Technical information
- Licensing authority: FCC
- Facility ID: 31874
- Class: B
- Power: 2,500 watts (day) 270 watts (night)
- Translator: 96.1 K241DE (Glencoe)

Links
- Public license information: Public file; LMS;
- Webcast: Listen live
- Website: www.kduz.com

= KGLB =

KGLB (1310 AM) is a radio station licensed to Glencoe, Minnesota. The station, which previously aired an oldies format based in St. Peter, Minnesota, returned to the air on July 15, 2009, with a Classic Country format. The station had been off the air for about a year.

==History==
The station first signed on the air in 1984 with the call sign KRBI and was originally licensed to the nearby community of St. Peter, Minnesota. For much of its early history, it was owned by Three Eagles Communications as part of its cluster of stations serving the Mankato/St. Peter metropolitan area.

Those stations included KEEZ, KYSM-FM, KRBI-FM, and KMKO-FM in the Mankato/St. Peter/New Ulm metropolitan area. The station became KGLB on November 1, 2008, renamed to KTWN on August 1, 2011, and returned to the KGLB call sign on December 6, 2012.

KRBI 1310 was sold to Northern Lights Broadcasting during the summer of 2008. Northern Lights allowed the station to go dark on the date the sale became official. Northern Lights, the owner of then rhythmic-formatted B96 (KTTB), had filed an application to move B96 from Glencoe to Edina to improve the station's coverage over the Twin Cities metropolitan area. Northern Lights moved KGLB from St. Peter to Glencoe with a power of 2,500 days and 270 watts nights, in order to maintain "local service" to Glencoe.

Northern Lights sold the station to Tor Ingstad and licensee Iowa City Broadcasting Company, Inc. for $195,000; the transaction was consummated on July 10, 2013. This move was undertaken to maintain a local service outlet in Glencoe, which had no other licensed radio stations, as Northern Lights was moving a separate FM station out of the area.

KGLB often simulcasts or shares programming with its sister stations, KDUZ (1260 AM) and KARP-FM (106.9 FM).
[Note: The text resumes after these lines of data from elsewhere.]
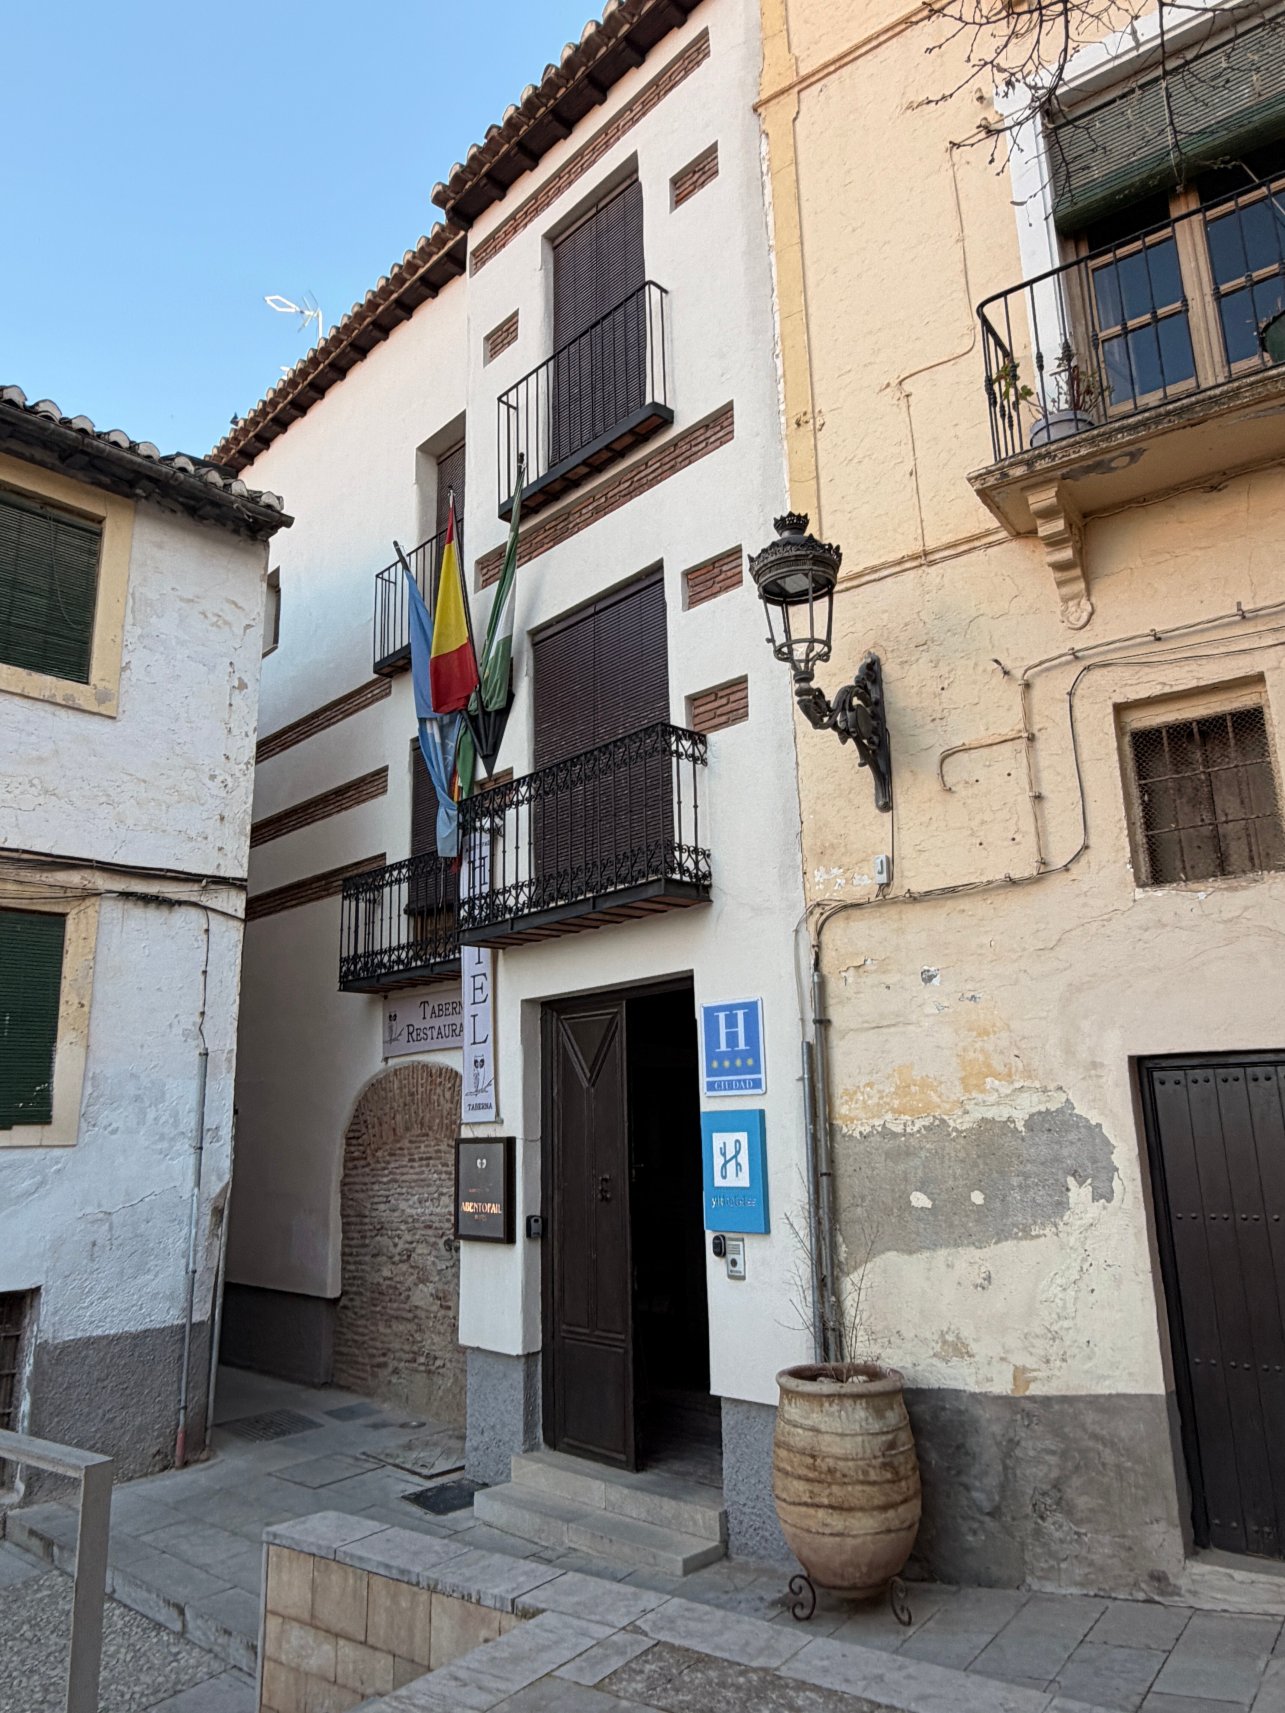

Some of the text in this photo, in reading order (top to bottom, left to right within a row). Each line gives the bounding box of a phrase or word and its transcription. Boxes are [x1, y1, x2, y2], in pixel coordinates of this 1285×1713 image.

[468, 855, 489, 1046] HTEL
[714, 1009, 751, 1052] H
[714, 1079, 753, 1090] CIUDAD
[467, 1103, 493, 1111] TABERNA
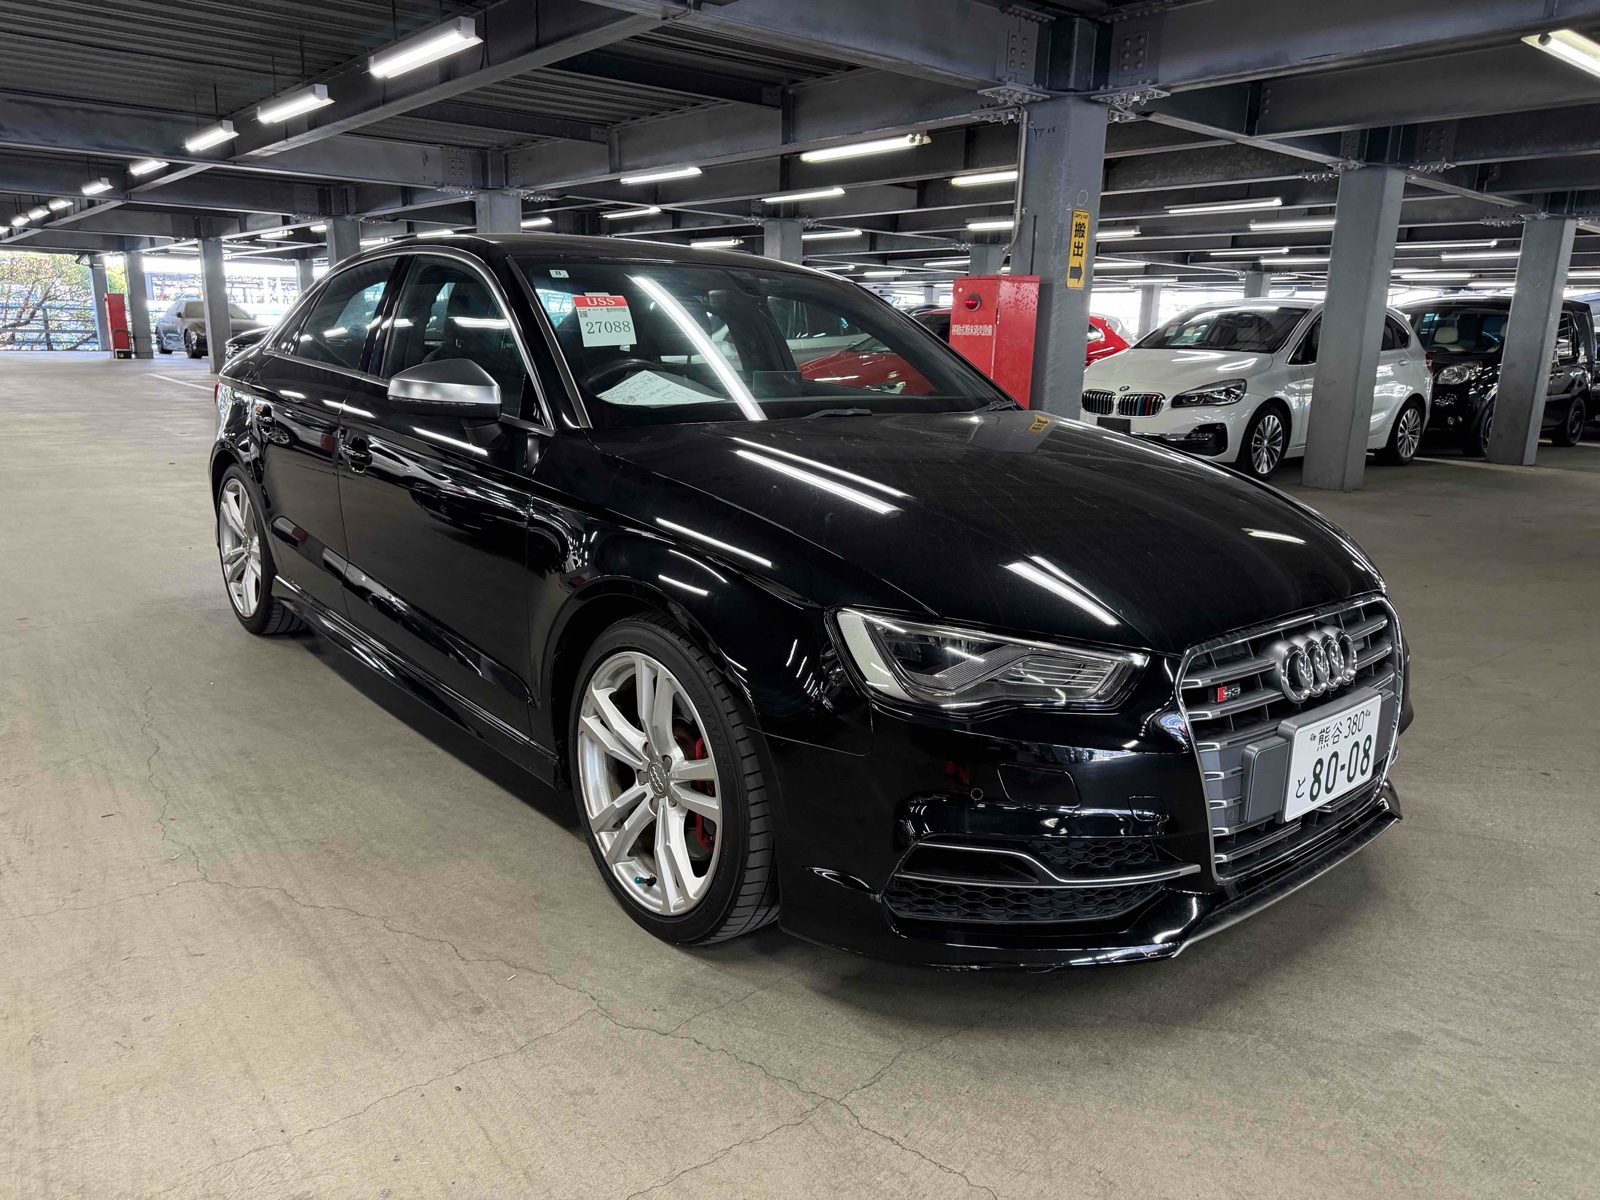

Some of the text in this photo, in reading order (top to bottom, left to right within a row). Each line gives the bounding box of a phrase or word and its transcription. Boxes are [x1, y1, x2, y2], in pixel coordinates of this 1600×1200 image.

[1073, 212, 1083, 220] Carry
[1072, 221, 1086, 258] 搬出
[585, 297, 616, 306] USS
[586, 320, 631, 335] 27088
[1316, 710, 1365, 752] 熊谷 380
[1295, 734, 1372, 802] と 80-08
KGLB features a specific, long-running local program called "Norwood Young America Talk." The show, which has been co-hosted by General Manager Jeremy Stender, has broadcast over 800 episodes since 2010 and focuses on the nearby community of Norwood Young America.

The station a regional affiliate for professional sports, carrying Minnesota Vikings Football and Minnesota Twins Baseball play-by-play coverage.